Safely Remove Hardware?!!

Posted in Tech by Scott Baldwin on the June 5th, 2006

Everytime you plug in your USB Flash drive, Windows will mount (i.e., attach) the file system it contains to a drive letter such as E:\, F:\, G:\, etc..  An icon will then appear in the system tray that gives you the option to “Safely Remove Hardware”.  Sometimes however, the device is still in use when you try to safely remove it, and you have to wait and try again.

So you wait.  You try again… still in use.  You wait some more, and try once again… still in use!  In the peak of your frustration, you yank the drive out anyway… then out of curiousity you put it back in.  What’s this?… all your files are still there, perfectly in tact and unharmed.  After months of doing this without consequence, you start to think that safely removing hardware is something that paranoid idiots do for fun.
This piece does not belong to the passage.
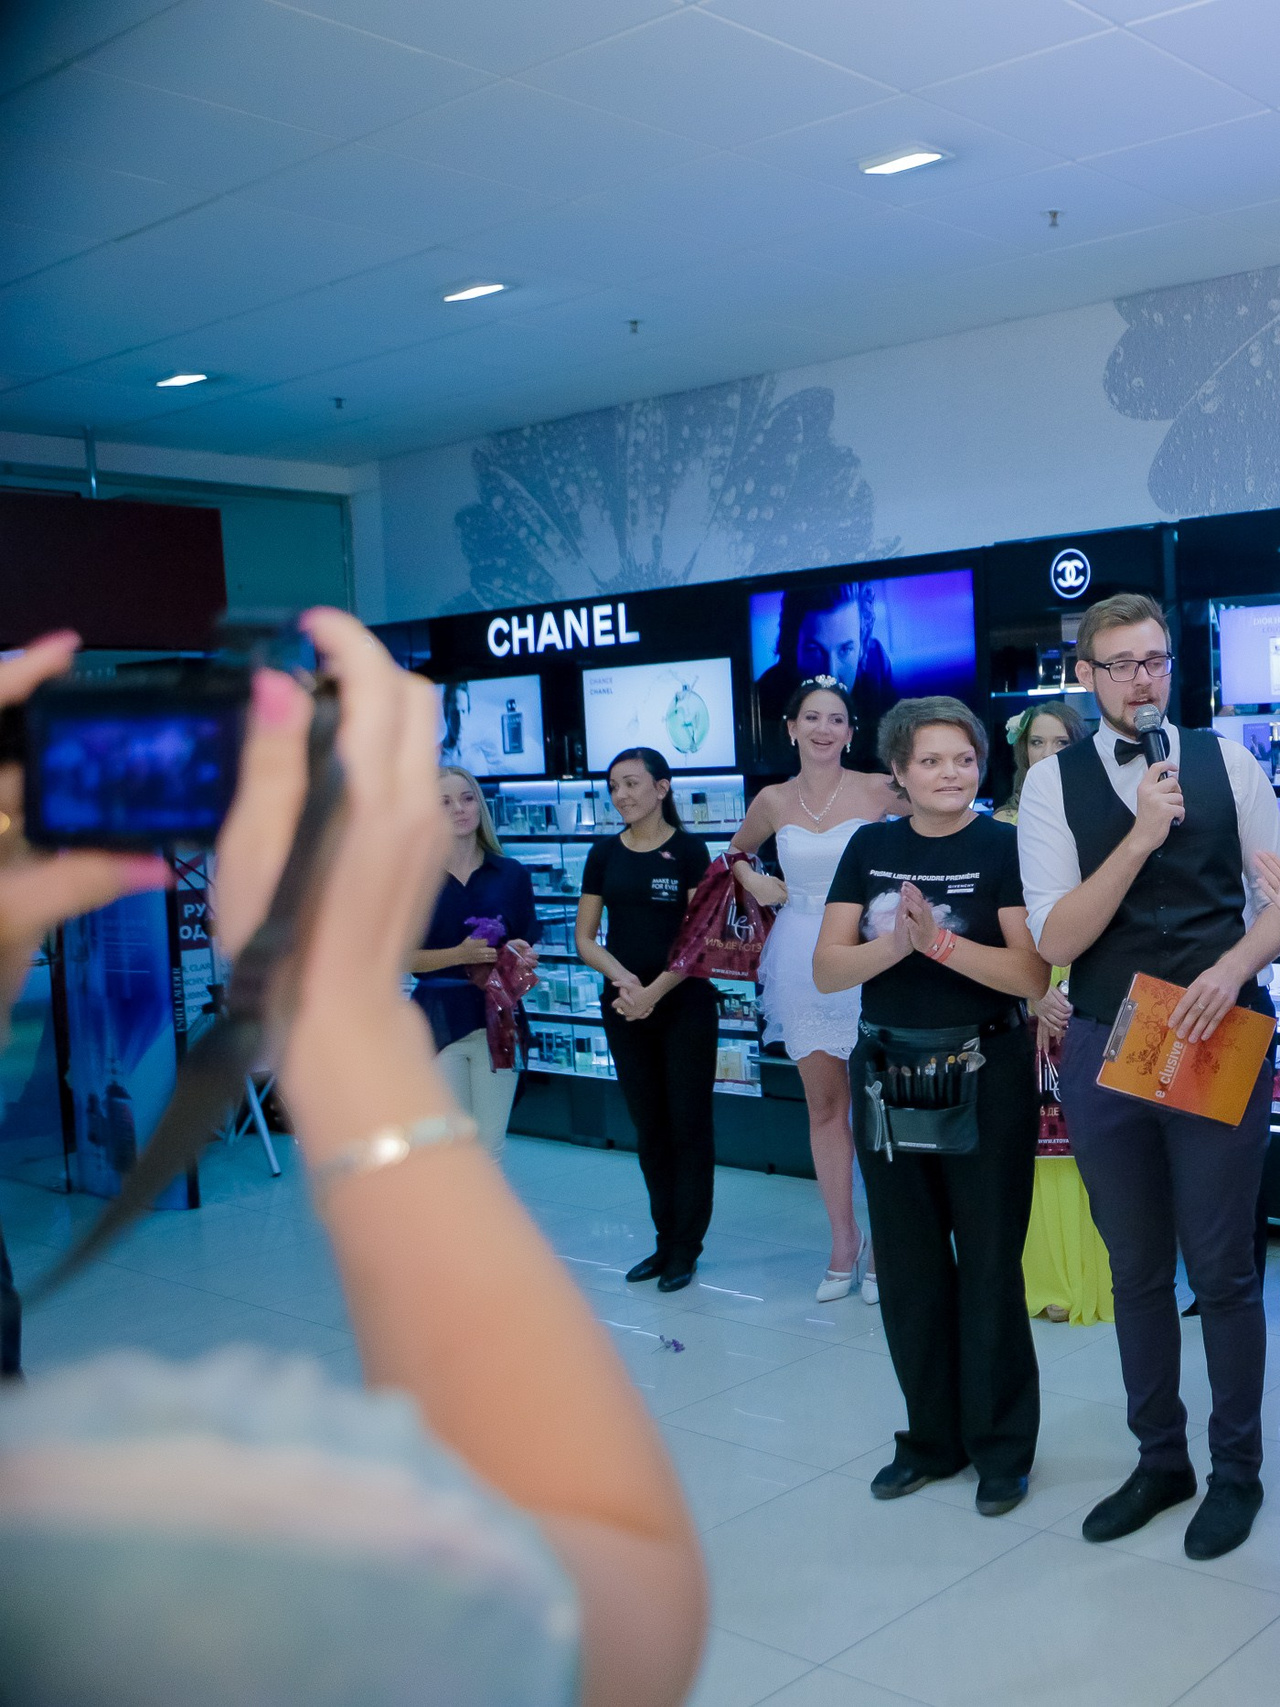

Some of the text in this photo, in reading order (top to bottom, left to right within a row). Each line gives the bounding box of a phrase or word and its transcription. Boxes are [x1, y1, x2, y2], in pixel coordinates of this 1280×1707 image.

Well, one of my friends thought the same thing until the other day when about 99% of his file system got corrupted!…  Take a look at what he saw the next time he plugged it in:

More corrupt than a politician!

This drive was formatted with a FAT file system.  FAT (file allocation table) file systems have an index that keeps track of where all the files are located in the logical address space of the device’s memory.  What caused the corruption is that my friend removed the drive while Windows was writing to this index, messing up its pointers and data structures.  The files are still there, but they are lost due to the corrupted FAT.

It’s normally possible to use special file recovery software to recover the lost files, but doing so can be difficult and unreliable.  Using a journaling file system (such as NTFS or EXT3) instead of FAT would have likely avoided the corruption altogether, but fewer operating systems have native support for those file systems.  The good news for my friend is that even though his files are lost, the drive itself is perfectly fine and just needs to be reformatted.

The moral of this story is to always safely remove your Flash and external hard drives, especially if you have written anything to them.  You should do the same with your Wi-Fi cards, MP3 players, and anything else that exchanges data (so pretty much everything).  As my friend will tell you, it’s better to be safe than sorry.